Comments of the project team
“This year I am participating in the project as a co-coordinator. In the past, I was involved as an expert in developing a historical quest for World War II memorial sites in Lviv and in organizing a meeting with eyewitnesses, former political prisoners of the Nazi and Soviet totalitarian regimes. What impressed me the most from previous experience? Participants’ empathy and desire to understand the Other. Their eyes are filled with questions and are thirsty for answers, their energy of interaction. We now face many challenges, which are also opportunities. We moved from a partnership format to a close teamwork format. Otherwise, you will not be able to implement a joint program online. It is also encouraging that the online format is close to young people and greatly simplifies the conditions for their participation. We do not stop, so we are ready to gain a new experience of online learning together, and then meet offline and continue to build bridges of international cognition and understanding.”
“To my mind, the most valuable element of the project is the work on researching and documenting family stories. It shows young people that working with history can be exciting and informative. The historical facts they learn from textbooks at school age can be seen from a completely different perspective. Holding archival photos, letters, documents, or recording interviews with relatives, it is much easier for them to “come back” to those times and understand better what traces National Socialism and Stalinism left in the fate of their families’ persecution. Dialogue on this topic in an international group makes young people from Poland, Germany, and Ukraine sensitive to differences and conflicts in cultural memory. It is not easy to have such a dialogue in the digital space, but we hope that the online program will be good preparation for joint visits to memorial sites next year.”

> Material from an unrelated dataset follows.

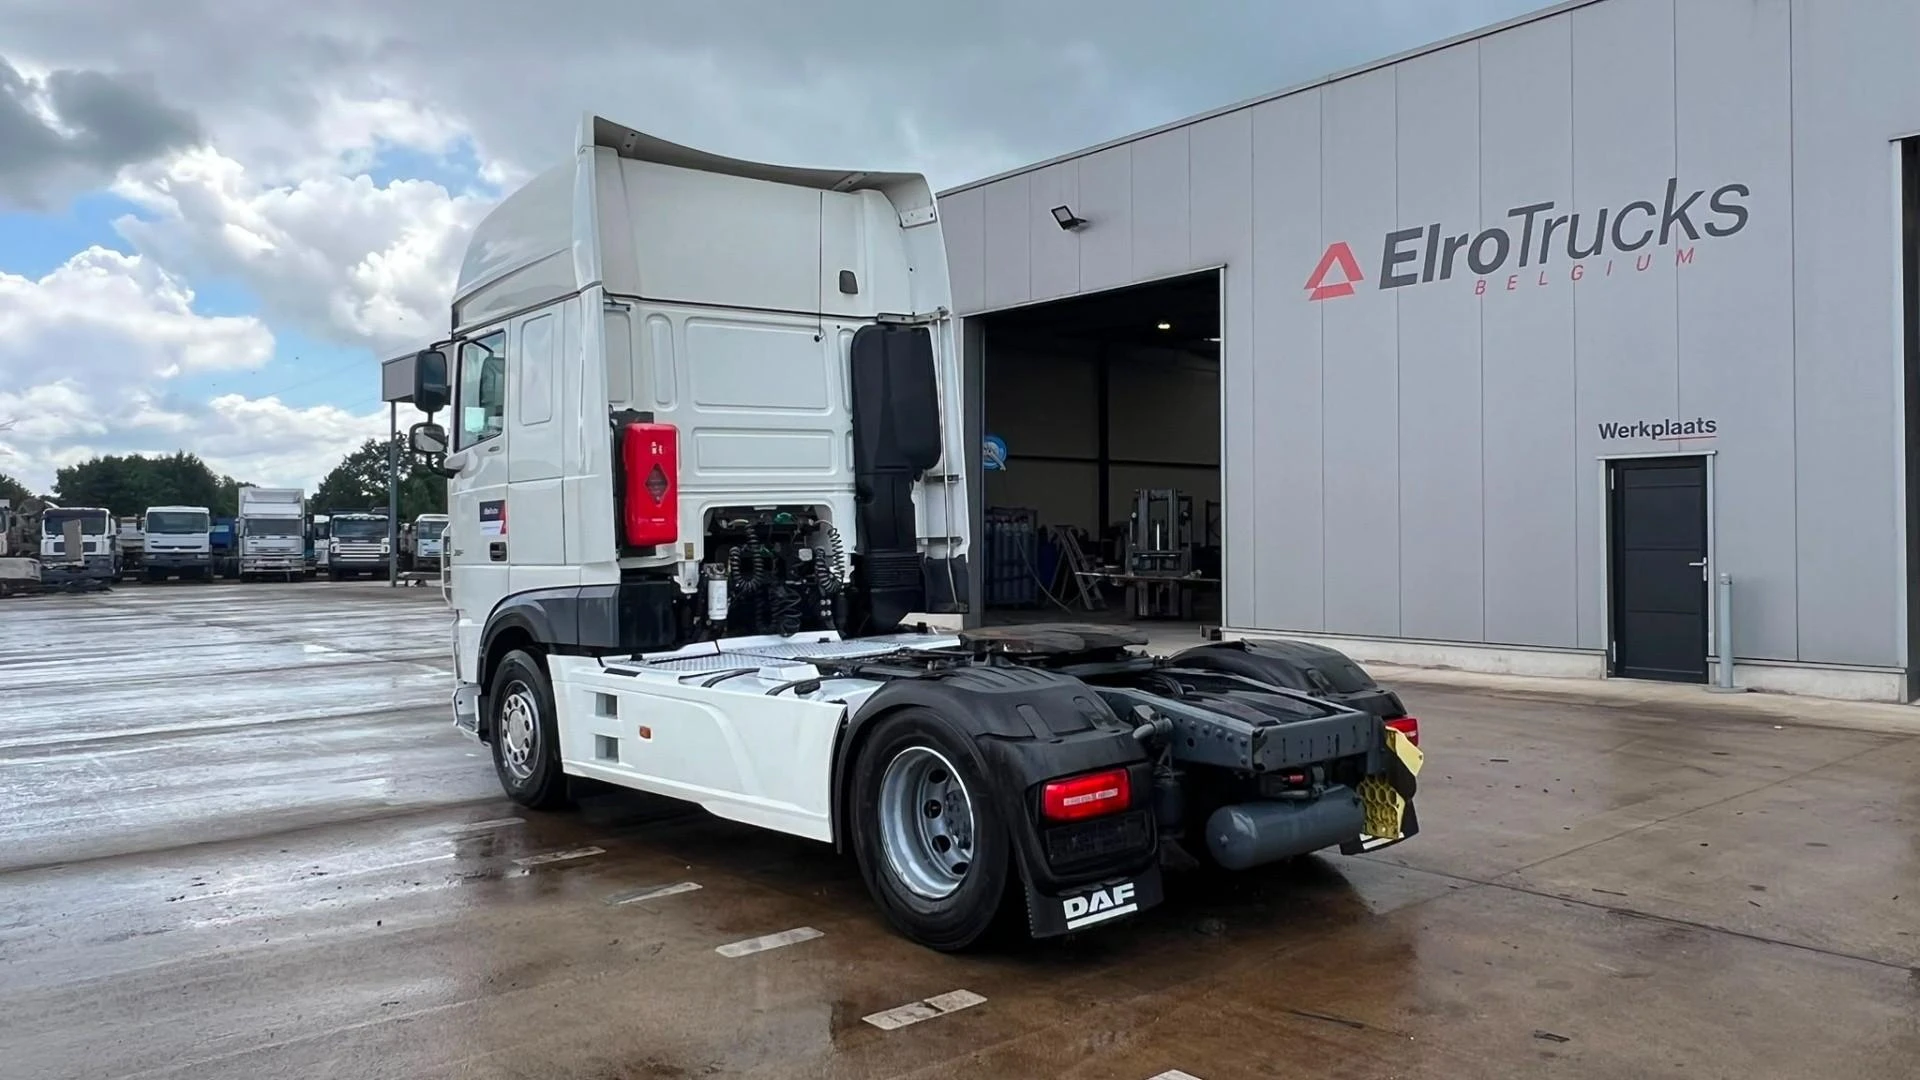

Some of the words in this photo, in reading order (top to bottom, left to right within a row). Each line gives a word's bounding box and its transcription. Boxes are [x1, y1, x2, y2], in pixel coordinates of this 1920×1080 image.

“In our project young people from three countries get to know each other. They build trust, which is important to deal with complex and emotionally challenging topics such as National Socialism, Stalinism, and World War II. It is very exciting to learn what meaning this time has in their life and from which perspective they look at the different places of remembrance. Our project also offers participants the opportunity – sometimes for the first time – to explore and share their family history. International encounters are particularly important in times of restrictions caused by the COVID-19 pandemic. Even if we cannot replace the real exchange and visits to the memorial sites, I hope that we will nevertheless create a good framework for mutual learning and encounter.”
“In the current context, I see the need to support what happened before the pandemic and to try to experiment with new formats to meet the demands more effectively. These are both formats of partnership, and formats youth work, and formats of development of our abilities as an international team. We really have a lot of challenges: different levels of use of online methods to work with target audiences, fear of making mistakes, careful approach to planning activities, as well as quite complex decision-making processes. There is a fear of not finding participants and not keeping their attention on a rather difficult topic, which becomes secondary due to the pandemic challenges. However, the development of our partnership in the new realities, the ability to transform the curriculum into an online format, bridging the distance and developing horizontal intercultural ties within families, micro-communities and among the youth of these three countries through dialogue on complex past themes are those important achievements of the project which we have already noticed.”